Using spooling to bridge the gap between Operating Systems and input devices allowed CPUs to stay in the execution phase at all times and not be fully occupied. Spooling in OS also greatly increased the speed of output as the Operating System does not require waiting for the output devices to carry out instructions and the OS can simply go ahead with sending more output data. Spooling is used to improve the interaction between multiple devices and computing systems, acting as a buffer that can make data streaming fluidic, resulting in the extremely immersive experience that we now enjoy in modern times. We are barely able to notice any difference in input and output operations, these tasks almost seem like they are carried out in real-time.
Here are some benefits we enjoy from Spooling in OS:
- Smooth I/O operations
- Effective storage of temporary data to carry out tasks
- Transfer of data from software to device or from device to device
- Simultaneous processing tasks and I/O operations
- Support for multiple input devices and parallel I/O operations
- Spooling is also faster than buffering
- Spooling can employ the full memory rather than a small designated block in the memory like buffering
Frequently Asked Questions
Spooling can be simply defined as a process of sending data between devices (peripherals) and operating systems (computers). The advantages of spoofing are faster processing, more effective use of CPUs and simultaneous or batch processing operations. If you wish to learn more about spooling, you can search spooling in OS in Hindi or English.
Buffering is the method of trying to match the speed of the input and the output while spooling is the means to bridge the gap between input devices and software or computers. If you wish to learn more about spooling and buffering in OS, it is recommended you check out a well-orchestrated spooling in OS ppt.
A spooler fundamentally operates the input devices or peripherals during the spooling process. Spoolers are applications or systems that regulate data transfer and queue the data during the bugger in order to increase the efficiency of the machine.
Spooling is implemented by sending and storing input data on a temporary volatile memory which is transferred to the main memory and then employed by CPUs or the Operating System when required.
If your printer is spooling, meaning that it has queued the documents as fast as the CPU allows, then it is doing this so that these documents can be then printed at the general speed of the printer, one after another.
There are no spooling security risks in general use, however, for corporate users, spooling can make you vulnerable to hostile remote code execution.

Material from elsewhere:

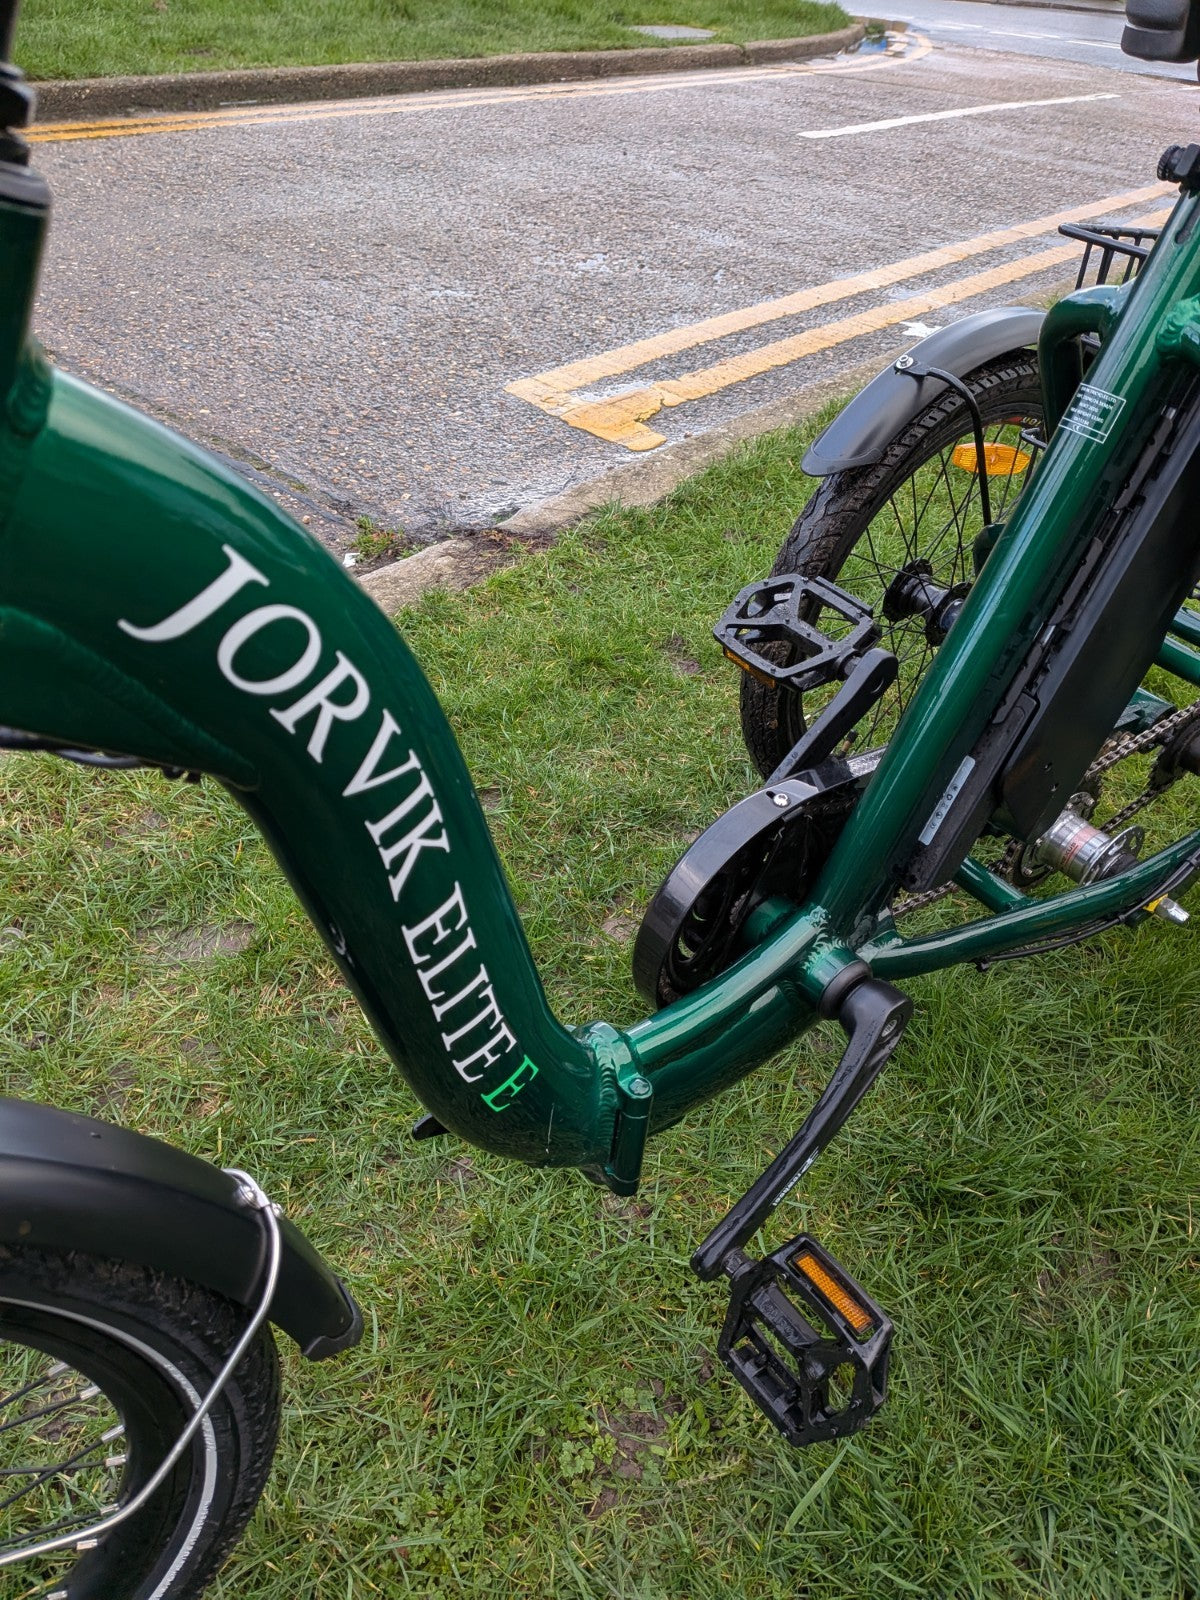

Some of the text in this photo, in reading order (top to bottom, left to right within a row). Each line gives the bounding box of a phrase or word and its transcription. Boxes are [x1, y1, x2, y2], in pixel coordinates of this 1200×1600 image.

[118, 544, 539, 1113] JORVIK ELITE E

It is recommended that you study the concept of spoolers and the applications of spooling. Learning more about these two concepts will definitely help answer Spooling in OS MCQs.

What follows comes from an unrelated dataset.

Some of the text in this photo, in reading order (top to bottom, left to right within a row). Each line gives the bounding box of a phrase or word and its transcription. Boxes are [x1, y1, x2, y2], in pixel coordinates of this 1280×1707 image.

The disadvantages of spooling are generally the difficulties faced when debugging and due to a failed spooling attempt affecting other pending jobs.
Printers, punch-card readers and even keyboards or mouses require spooling. All input/output or I/O devices benefit from spooling.
Spooling is a very useful topic for students focusing on Operating Systems and studying core Computer Science. Due to spooling, our interaction with peripheral devices is much smoother and easy. Spooling makes our computing experience better and saves us a lot of time by enabling us to carry on with our daily computing work while input devices do theirs.